▶ _TASK GOAL_: Write every record out again exactly, and keep images out of it.

▶ _PROVIDED ENTRIES_:
----------
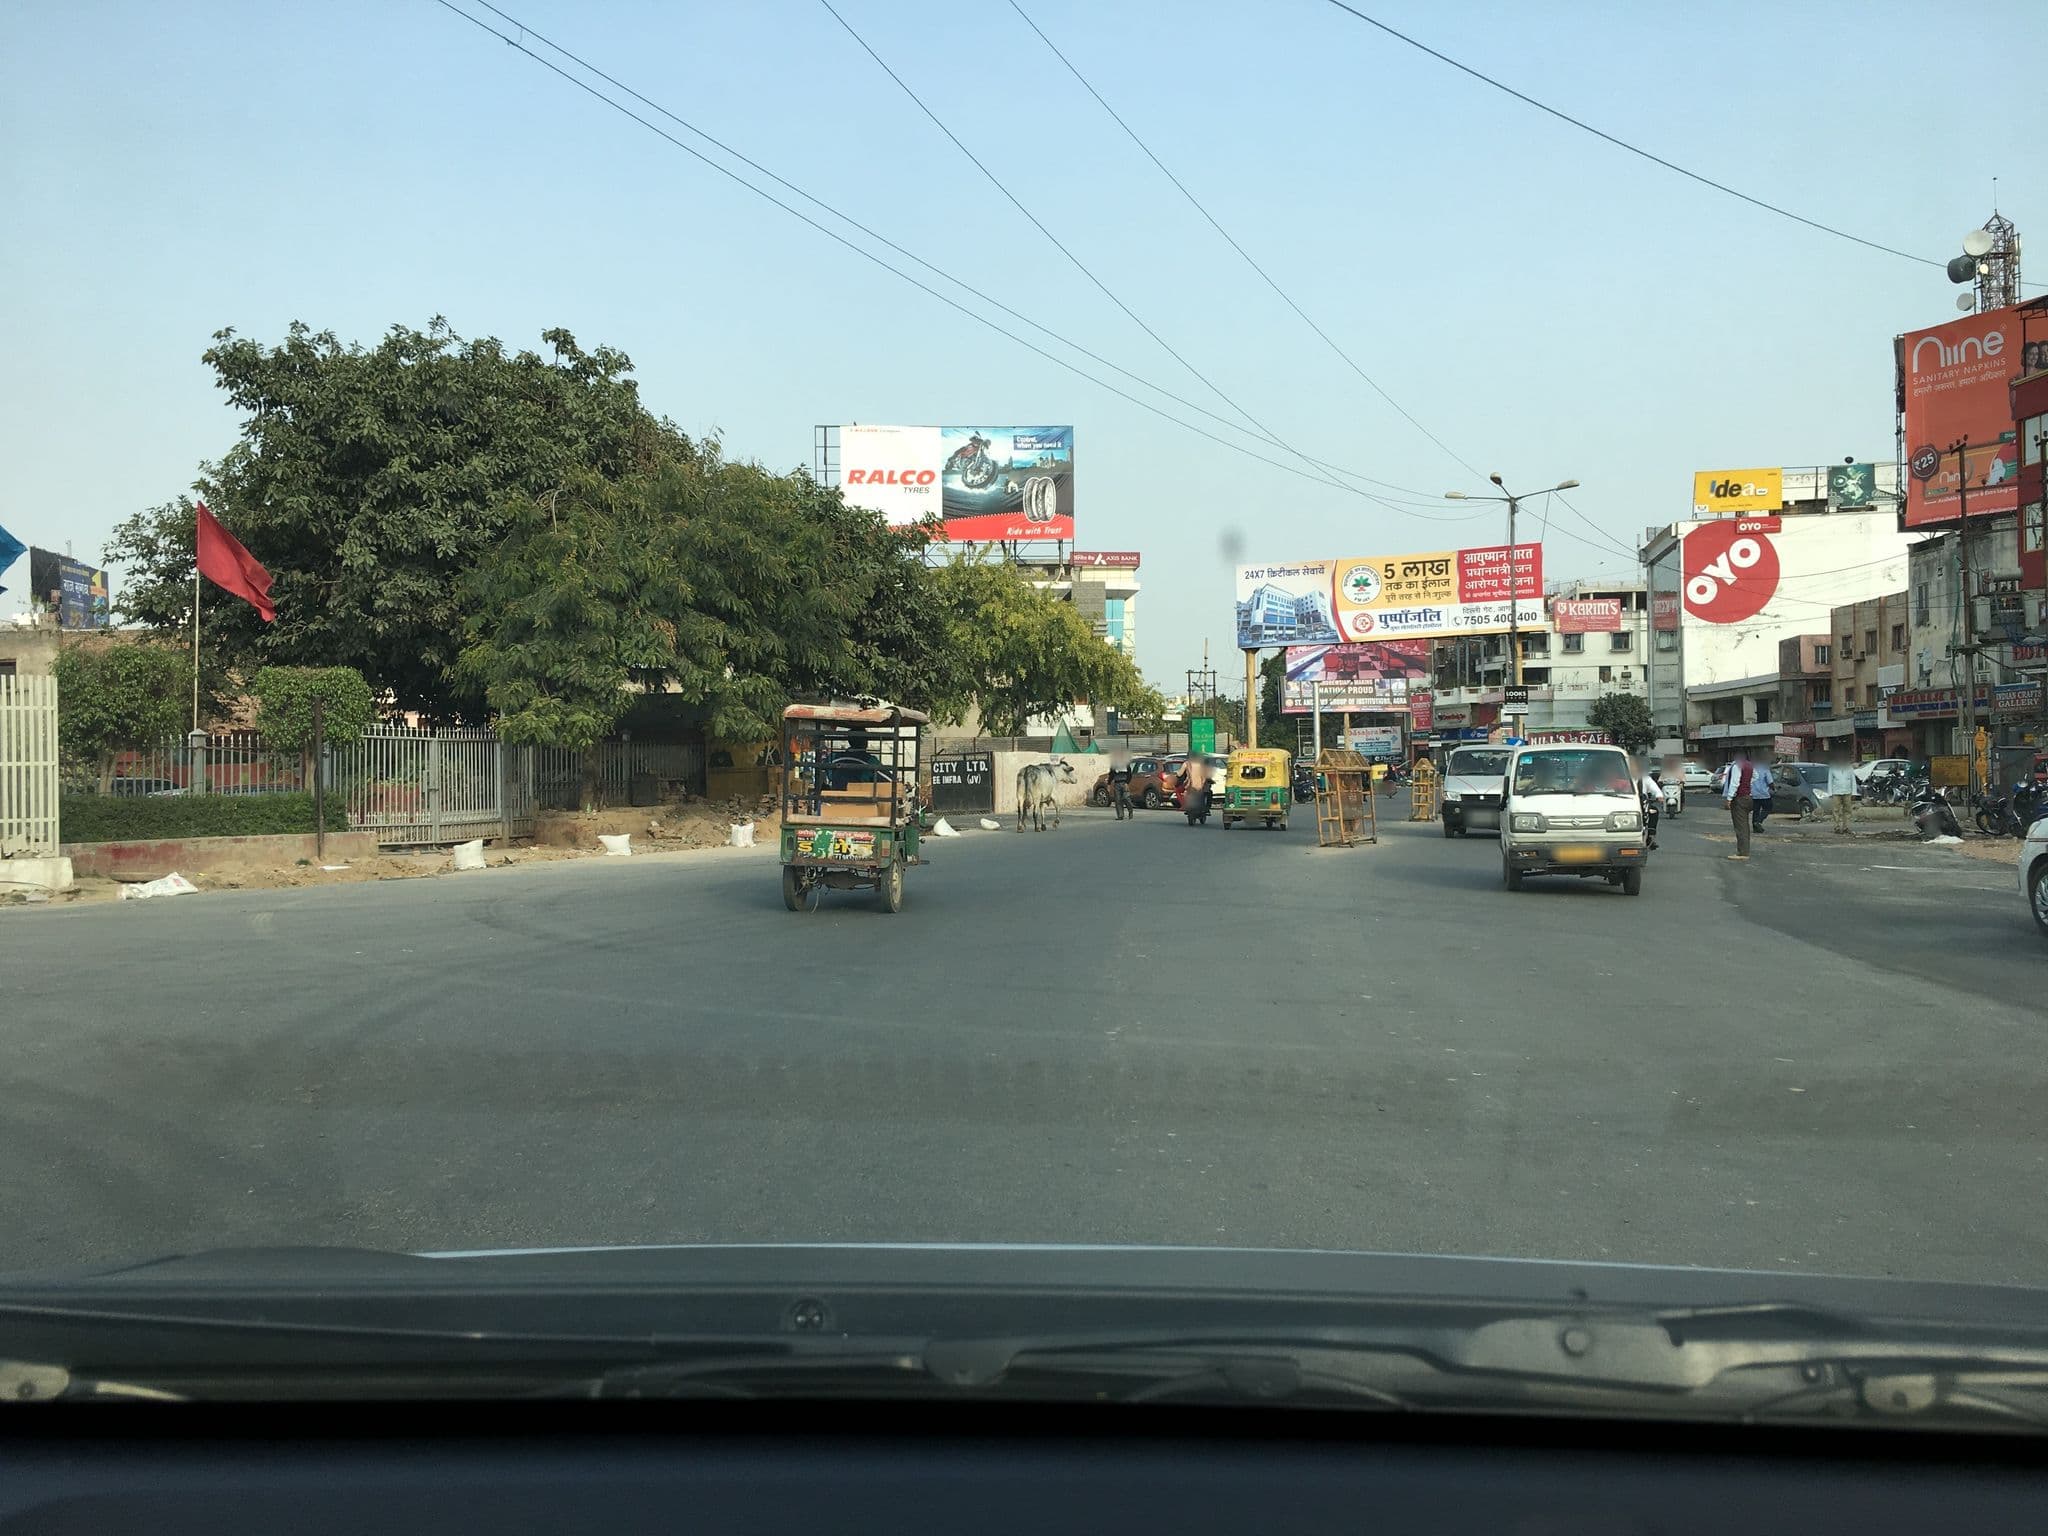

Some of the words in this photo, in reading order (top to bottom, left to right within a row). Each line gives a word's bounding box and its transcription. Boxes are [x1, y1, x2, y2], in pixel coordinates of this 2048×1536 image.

[1913, 369, 1960, 385] SANITARY
[1963, 358, 2006, 374] NAPKINS
[848, 469, 936, 486] RALCO
[903, 486, 930, 494] TYRES
[1006, 526, 1022, 535] Ride
[1025, 527, 1041, 535] with
[1044, 526, 1062, 535] Trust
[1739, 522, 1761, 531] OYO
[1464, 551, 1507, 566] आयुष्मान
[1509, 549, 1533, 560] ारत
[1384, 563, 1395, 579] 5
[1402, 558, 1451, 578] लाख
[1465, 563, 1511, 577] प्रधानमंत्री
[1515, 564, 1532, 574] जन
[1686, 538, 1761, 605] OYO
[1385, 581, 1401, 591] तक
[1405, 580, 1418, 590] का
[1420, 576, 1450, 590] ईलाज
[1465, 577, 1498, 589] आरोग्य
[1464, 614, 1490, 625] 7505
[1517, 612, 1537, 621] 400
[1348, 686, 1373, 694] PROUD
[2018, 690, 2041, 698] CRAFTS
[1998, 698, 2039, 707] GALLERY
[1531, 734, 1565, 745] HILL'S
[933, 762, 957, 773] CITY
[967, 760, 988, 772] LTD.
[967, 774, 981, 785] (JV)
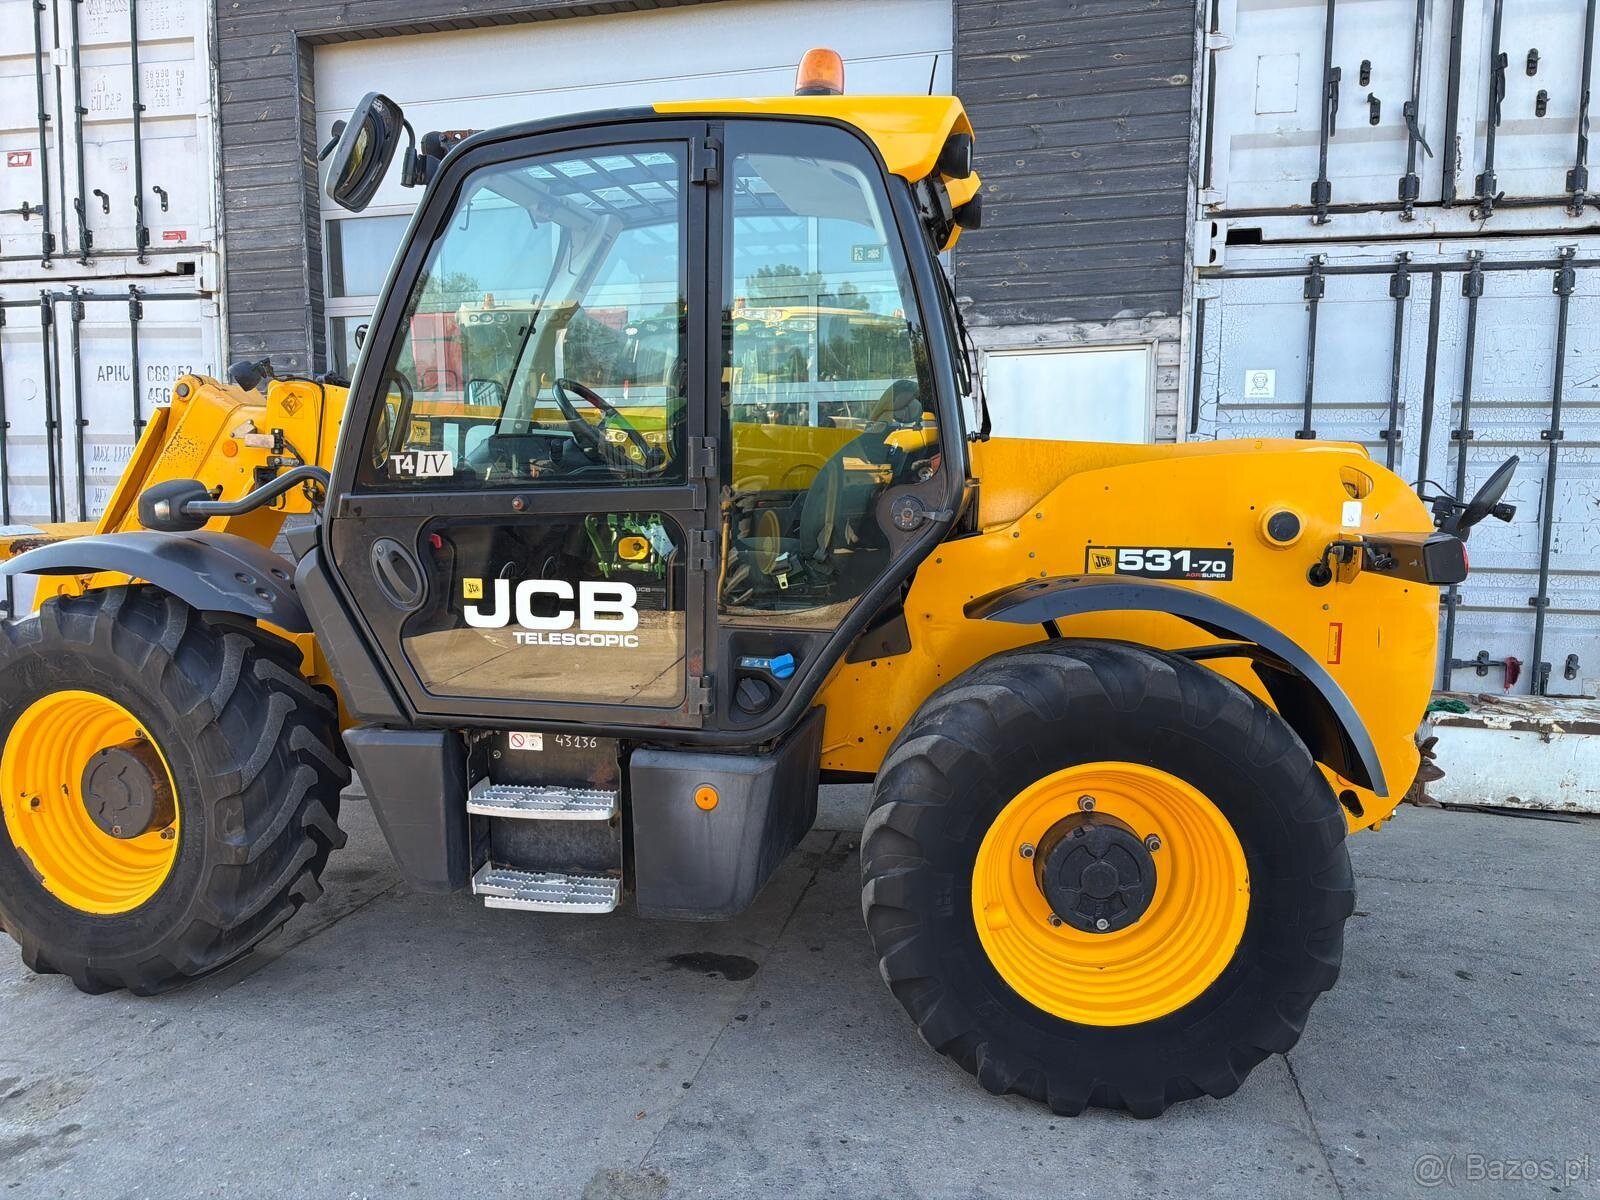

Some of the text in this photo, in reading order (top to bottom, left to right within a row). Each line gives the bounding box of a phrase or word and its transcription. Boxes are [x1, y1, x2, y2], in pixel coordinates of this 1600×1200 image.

[97, 365, 130, 382] APHU
[147, 387, 171, 403] 45G
[390, 453, 449, 474] T4 IV
[1095, 549, 1226, 572] JCB 531-70
[463, 578, 639, 632] JCB
[512, 631, 639, 649] TELESCOPIC
----------
▶ _ANSWER_:
Some of the words in this photo, in reading order (top to bottom, left to right within a row). Each line gives a word's bounding box and its transcription. Boxes are [x1, y1, x2, y2], in pixel coordinates of this 2048×1536 image.

[1913, 369, 1960, 385] SANITARY
[1963, 358, 2006, 374] NAPKINS
[848, 469, 936, 486] RALCO
[903, 486, 930, 494] TYRES
[1006, 526, 1022, 535] Ride
[1025, 527, 1041, 535] with
[1044, 526, 1062, 535] Trust
[1739, 522, 1761, 531] OYO
[1464, 551, 1507, 566] आयुष्मान
[1509, 549, 1533, 560] ारत
[1384, 563, 1395, 579] 5
[1402, 558, 1451, 578] लाख
[1465, 563, 1511, 577] प्रधानमंत्री
[1515, 564, 1532, 574] जन
[1686, 538, 1761, 605] OYO
[1385, 581, 1401, 591] तक
[1405, 580, 1418, 590] का
[1420, 576, 1450, 590] ईलाज
[1465, 577, 1498, 589] आरोग्य
[1464, 614, 1490, 625] 7505
[1517, 612, 1537, 621] 400
[1348, 686, 1373, 694] PROUD
[2018, 690, 2041, 698] CRAFTS
[1998, 698, 2039, 707] GALLERY
[1531, 734, 1565, 745] HILL'S
[933, 762, 957, 773] CITY
[967, 760, 988, 772] LTD.
[967, 774, 981, 785] (JV)

Some of the text in this photo, in reading order (top to bottom, left to right within a row). Each line gives the bounding box of a phrase or word and its transcription. Boxes are [x1, y1, x2, y2], in pixel coordinates of this 1600×1200 image.

[97, 365, 130, 382] APHU
[147, 387, 171, 403] 45G
[390, 453, 449, 474] T4 IV
[1095, 549, 1226, 572] JCB 531-70
[463, 578, 639, 632] JCB
[512, 631, 639, 649] TELESCOPIC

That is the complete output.